И вовсе не всегда он на ночь глядя уходил — все чаще, по мере того, как недели шли и надвигались холода, — мы проводили вечер, вместе растянувшись на нашем старом Стэнли, слушая записи, все больше Чарли Паркера и Билли Холидей.[68] Проигрыватель у него был шикарный, с двумя колонками, и мы потягивали красное винцо, которое он кувшинами носил из «Пива и Эля» Додсона на Кембридж-стрит. Своей посудой я не обзавелся, так что лакал прямо из его стакана. Я сидел на ручке кресла, а если вдруг переберу, сваливался к нему на колени. И он хохотал, а я — положим, хохотать я не умею — радовался от души, а это все равно что хохотать. Я всегда был большой любитель джаза, это из-за Фреда Астера, теперь вот и кое-чем свеженьким проникся. Одну, долгоиграющую, под названием «Солнца нет в Венеции», мы ставили раз сто, такая тихая, печальная, с Милтом Джексоном[69] на вибрафоне. И вибрафон, по-моему, у него звенит, как будто бы по пустому городу, городу из стекла, бредет одиноко крыса, лапами цокает по тротуару, и этот тоненький, тоскливый звон эхом отдается от домов.

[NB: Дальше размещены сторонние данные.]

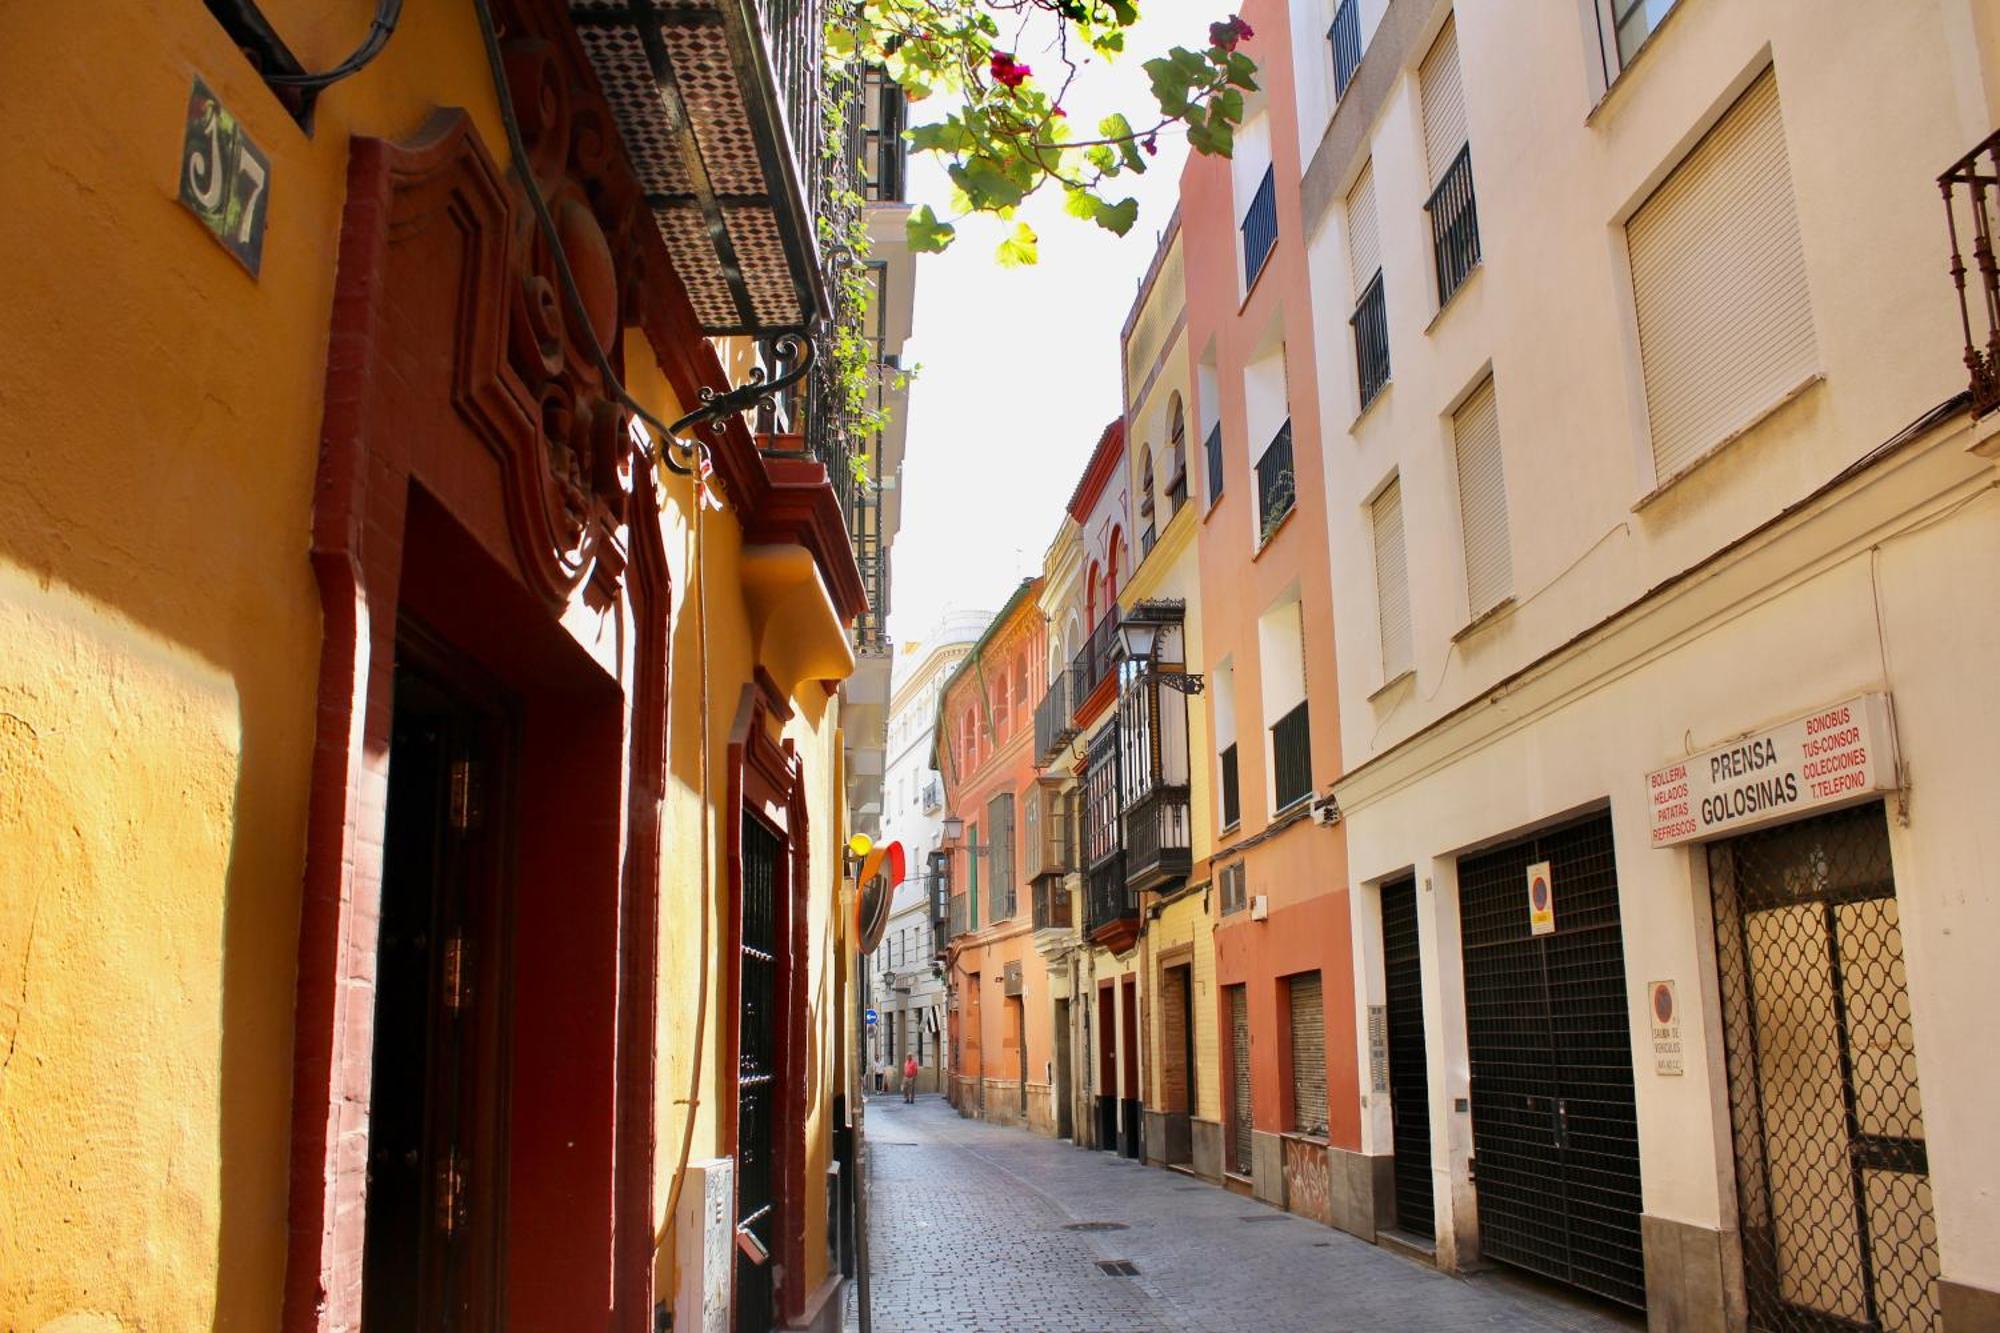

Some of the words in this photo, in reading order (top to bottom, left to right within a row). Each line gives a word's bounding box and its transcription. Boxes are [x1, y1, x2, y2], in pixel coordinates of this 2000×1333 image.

Порой, поздно ночью, в темноте, лежа у себя в коробке на полотенце из «Отеля Рузвельта» (теперь невидимом под ватой, которую я понадергал из Стэнли), я все слушал, слушал музыку, она у меня звучала в голове. И я не выключал. Лежал с открытыми глазами в темноте и думал про моих Прелестниц. Терся мыслями о бархатную кожу, зарывался в тайное, тенистое, теплое. И томление делалось так остро — стрелой меня пронзало вдоль всего хребта. Я не постигал буквально, как Джерри может такое выносить: один-одинешенек бредет по своему безженственному миру, бормочет про себя, мотает большой башкой? Да будь я человеком, вышел бы на улицу, мгновенно закадрил первую молоденькую встречную, сверкая черным взором над бесподбородочной улыбкой, и уж обольстил бы, купил, а нет, так изнасиловал. А Джерри — Джерри брел себе в своей арктической тоске, до того одинокий, что разговаривал с крысой.